Objectives: Chronobiology is the science that studies biological rhythms based on direct methods and empirical time series of individual subjects. In laboratory medicine, the factor of time is often underestimated, and no methods currently exist to study biological rhythms in population databases of point-like, real-world data (RWD).

Methods: Retrospective databases (24 months, 2022-2023) were extracted for four measurands (sodium, potassium, chloride and leukocytes) from the emergency laboratory. Two different strategies for data grouping were applied: data clouds (with or without outliers) and population-averaged profiles. Cosinor regression analysis was performed on the grouped data to derive circadian parameters. The parameters obtained here were compared to results from the literature, using direct methods and time series.

Results: A total of 409,719 data points were analyzed. All measurands exhibited symmetrical data distributions, except for leukocytes. The data clouds did not visually display rhythmicity, but cosinor analysis revealed a significant circadian rhythm. The removal of outliers had minimal impact on the results. In contrast, population-averaged profiles showed visible rhythmicity, which was confirmed by cosinor analysis with a better goodness-of-fit compared to the data clouds.

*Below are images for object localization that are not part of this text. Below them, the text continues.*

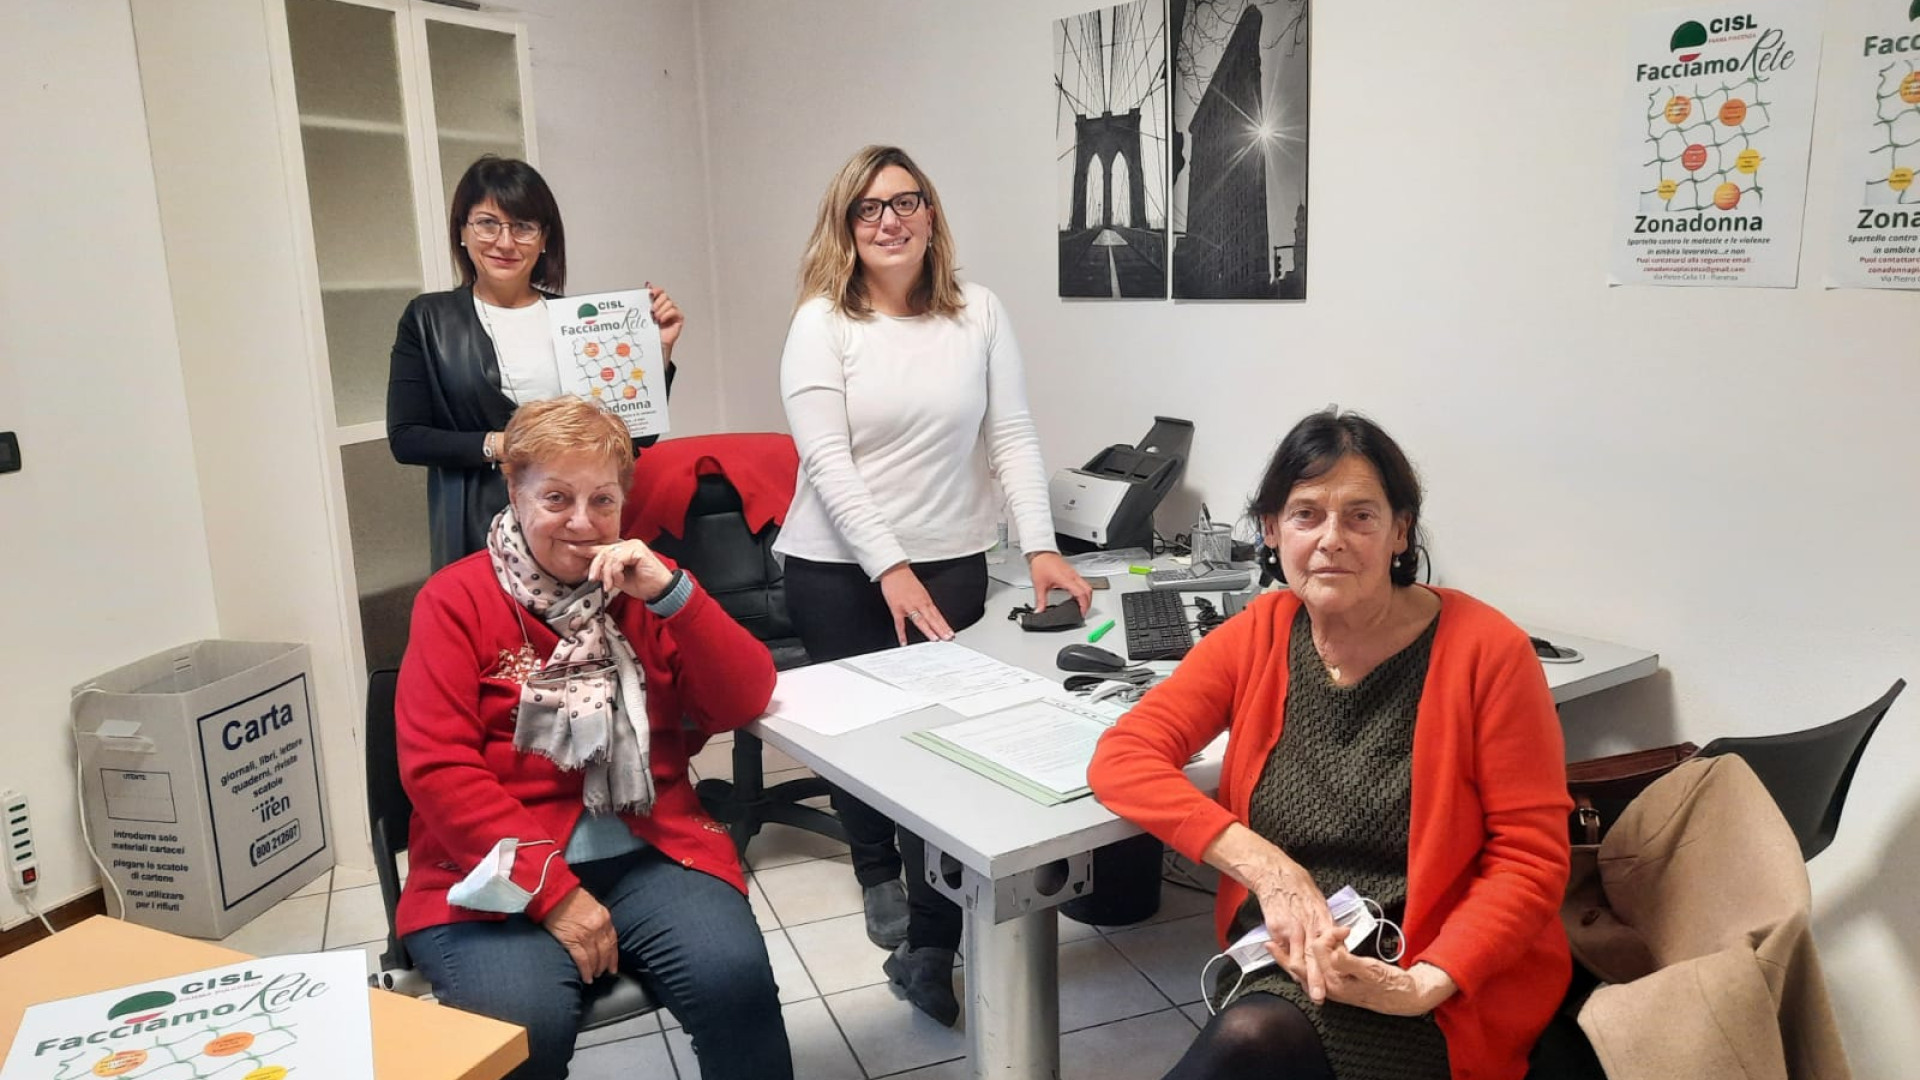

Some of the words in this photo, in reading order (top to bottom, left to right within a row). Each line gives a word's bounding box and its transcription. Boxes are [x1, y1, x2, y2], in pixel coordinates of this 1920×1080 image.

[1710, 14, 1758, 34] CISL
[1637, 57, 1739, 82] Facciamo
[1740, 28, 1796, 82] Rete
[1634, 213, 1763, 233] Zonadonna
[1848, 234, 1886, 244] Sportello
[1888, 233, 1918, 242] contro
[1884, 245, 1916, 254] ambito
[598, 300, 625, 310] CISL
[561, 321, 620, 336] Facciamo
[621, 307, 648, 335] Rete
[222, 703, 293, 750] Carta
[220, 760, 258, 786] giornali,
[259, 749, 278, 766] libri,
[280, 738, 303, 755] lettere
[231, 768, 272, 795] quaderni,
[274, 755, 298, 773] riviste
[253, 777, 283, 798] scatole
[260, 796, 290, 823] iren
[113, 829, 157, 841] introdurre
[158, 834, 178, 842] solo
[256, 841, 271, 859] 800
[271, 824, 298, 849] 212607
[111, 842, 148, 852] materiali
[149, 846, 185, 854] cartacei
[113, 858, 145, 869] piegare
[147, 860, 155, 869] le
[157, 862, 189, 872] scatole
[131, 871, 139, 879] di
[141, 874, 174, 883] cartone
[126, 889, 144, 897] non
[145, 889, 185, 900] utilizzare
[135, 901, 150, 909] per
[156, 902, 180, 912] rifiuti
[180, 970, 263, 995] CISL
[34, 1003, 236, 1057] Facciamo
[238, 972, 330, 1014] Rete
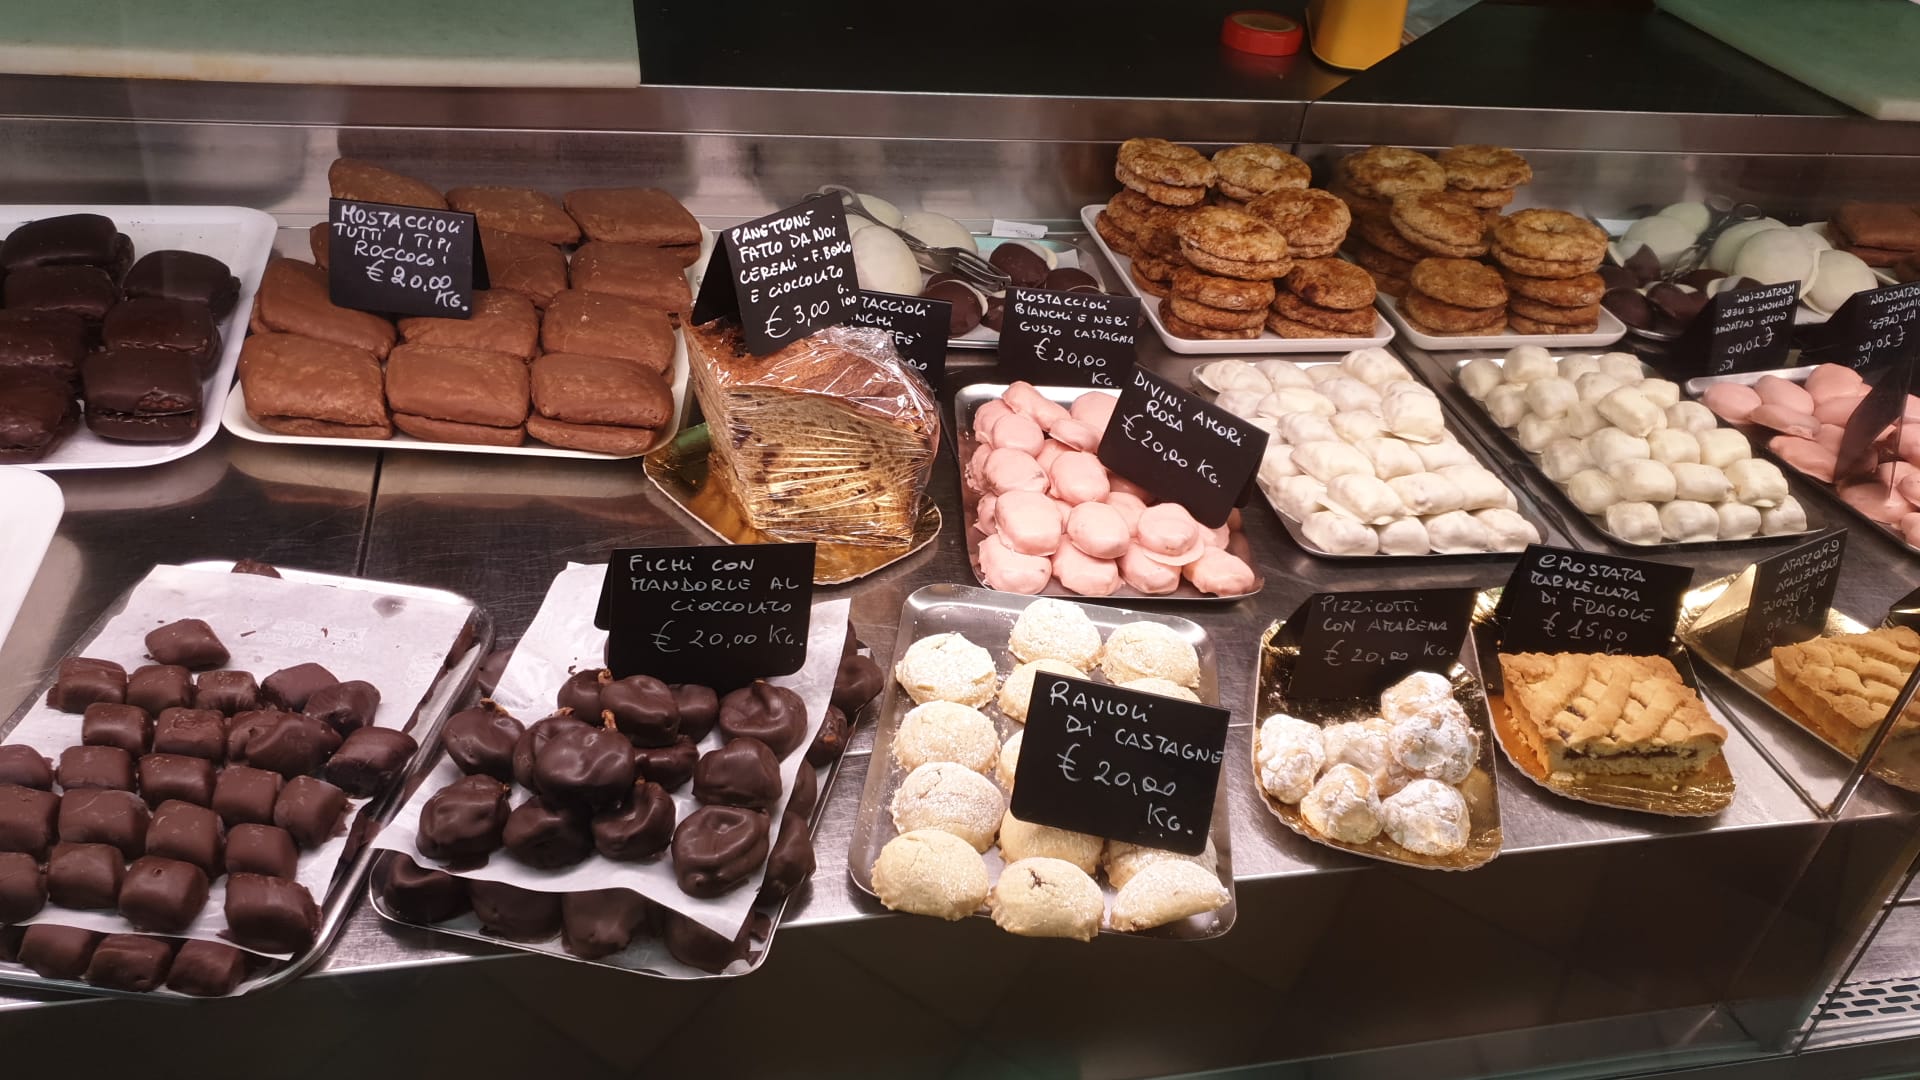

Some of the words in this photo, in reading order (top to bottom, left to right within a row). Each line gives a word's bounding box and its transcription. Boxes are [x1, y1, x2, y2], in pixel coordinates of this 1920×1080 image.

Conclusions: Population-averaged profiles have advantages over data clouds in characterizing circadian rhythms and deriving circadian parameters. Population chronobiology, based on RWD, is presented as an alternative to classical individual chronobiology, based on time series and overcomes the limitations of direct methods. Utilizing RWD provides new insights into the relationship between chronobiology and clinical laboratory practice.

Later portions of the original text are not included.